[Start of section]
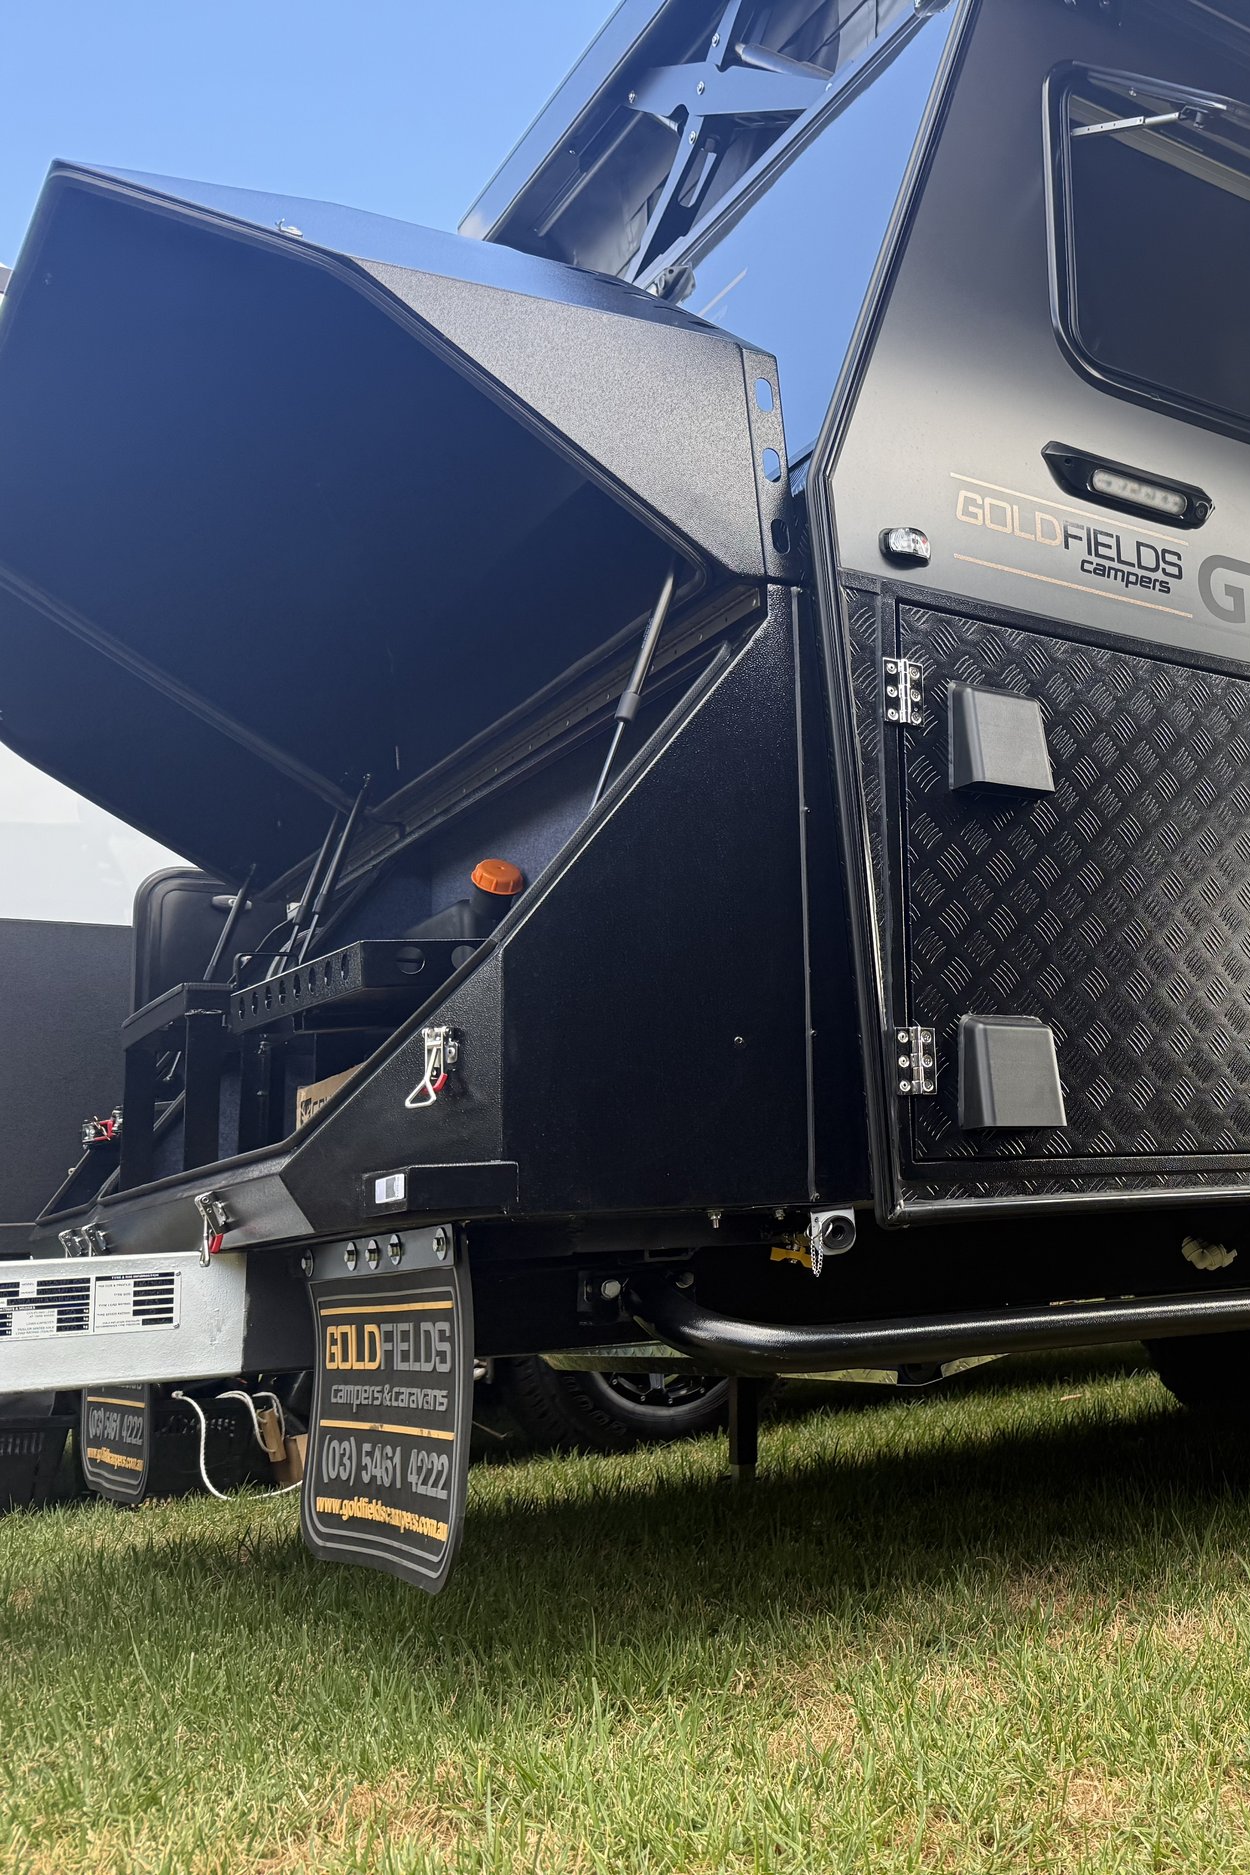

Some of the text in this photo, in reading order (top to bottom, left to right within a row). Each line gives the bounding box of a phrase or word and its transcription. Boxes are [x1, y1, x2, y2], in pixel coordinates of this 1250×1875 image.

[956, 490, 1184, 581] GOLDFIELDS
[1080, 558, 1171, 594] campers
[326, 1322, 452, 1373] GOLDFIELDS
[322, 1435, 449, 1500] (03) 5461 4222
[316, 1496, 449, 1542] www.goldfieldscampers.com.au
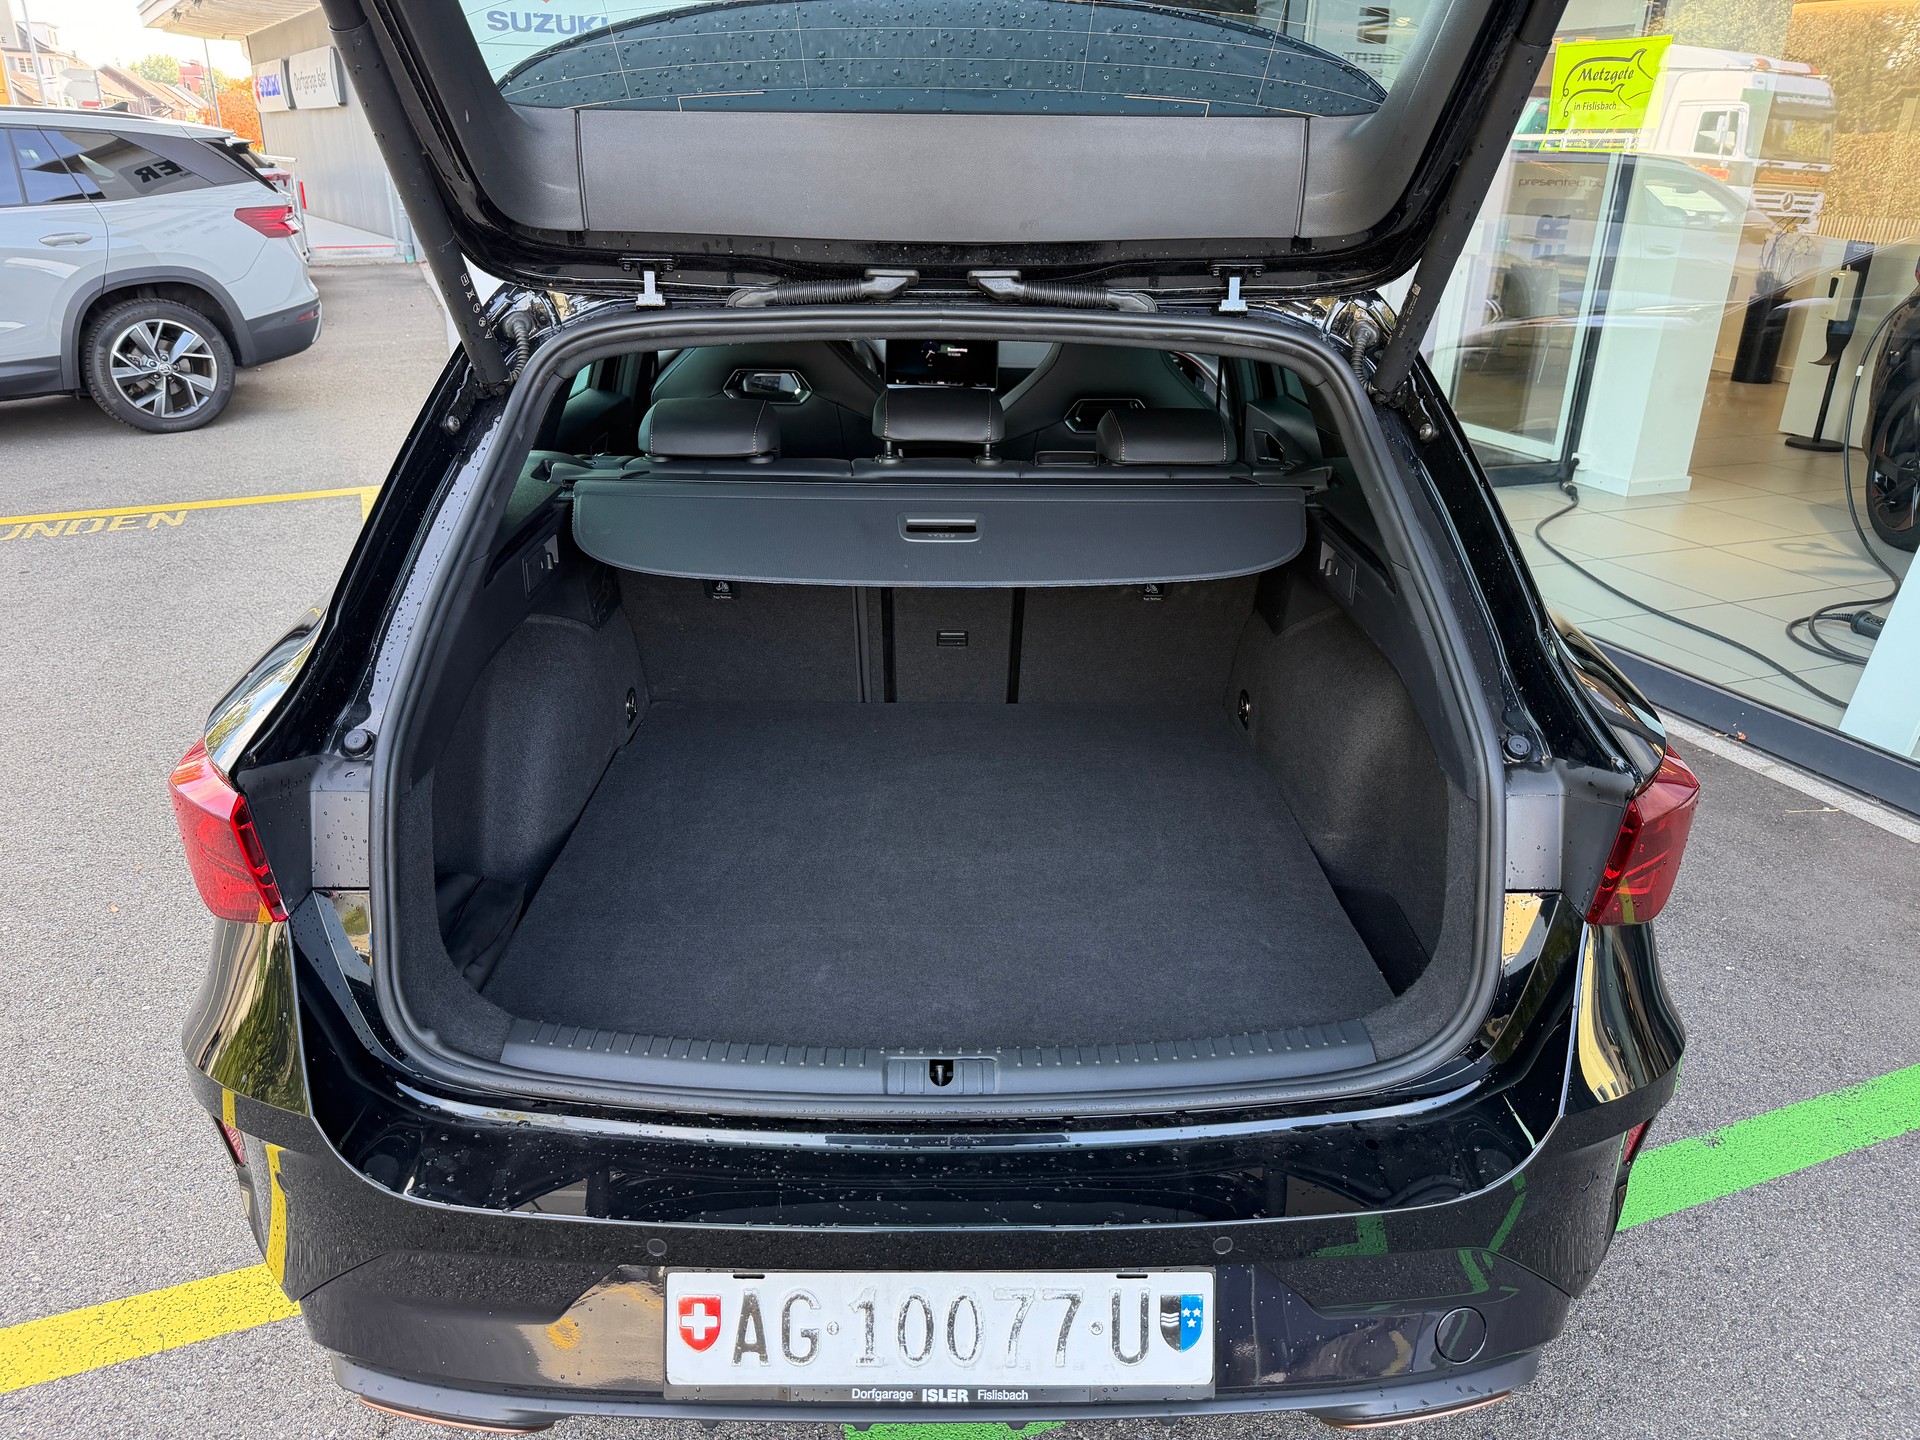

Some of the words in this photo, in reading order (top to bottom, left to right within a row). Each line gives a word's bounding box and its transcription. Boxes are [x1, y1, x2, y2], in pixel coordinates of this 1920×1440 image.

[1577, 65, 1634, 84] Metzgete
[1573, 102, 1581, 111] in
[1582, 101, 1617, 111] Fislisbach
[1518, 178, 1584, 188] presented
[851, 1388, 914, 1402] Dorfgarage
[922, 1388, 969, 1403] ISLER
[977, 1389, 1029, 1401] Fislisbach
[End of section]
Your goal
Everything in the listing, except its images, should be set down exactly.

Solution
Some of the text in this photo, in reading order (top to bottom, left to right within a row). Each line gives the bounding box of a phrase or word and its transcription. Boxes are [x1, y1, x2, y2], in pixel coordinates of this 1250×1875 image.

[956, 490, 1184, 581] GOLDFIELDS
[1080, 558, 1171, 594] campers
[326, 1322, 452, 1373] GOLDFIELDS
[322, 1435, 449, 1500] (03) 5461 4222
[316, 1496, 449, 1542] www.goldfieldscampers.com.au

Some of the words in this photo, in reading order (top to bottom, left to right within a row). Each line gives a word's bounding box and its transcription. Boxes are [x1, y1, x2, y2], in pixel coordinates of this 1920×1440 image.

[1577, 65, 1634, 84] Metzgete
[1573, 102, 1581, 111] in
[1582, 101, 1617, 111] Fislisbach
[1518, 178, 1584, 188] presented
[851, 1388, 914, 1402] Dorfgarage
[922, 1388, 969, 1403] ISLER
[977, 1389, 1029, 1401] Fislisbach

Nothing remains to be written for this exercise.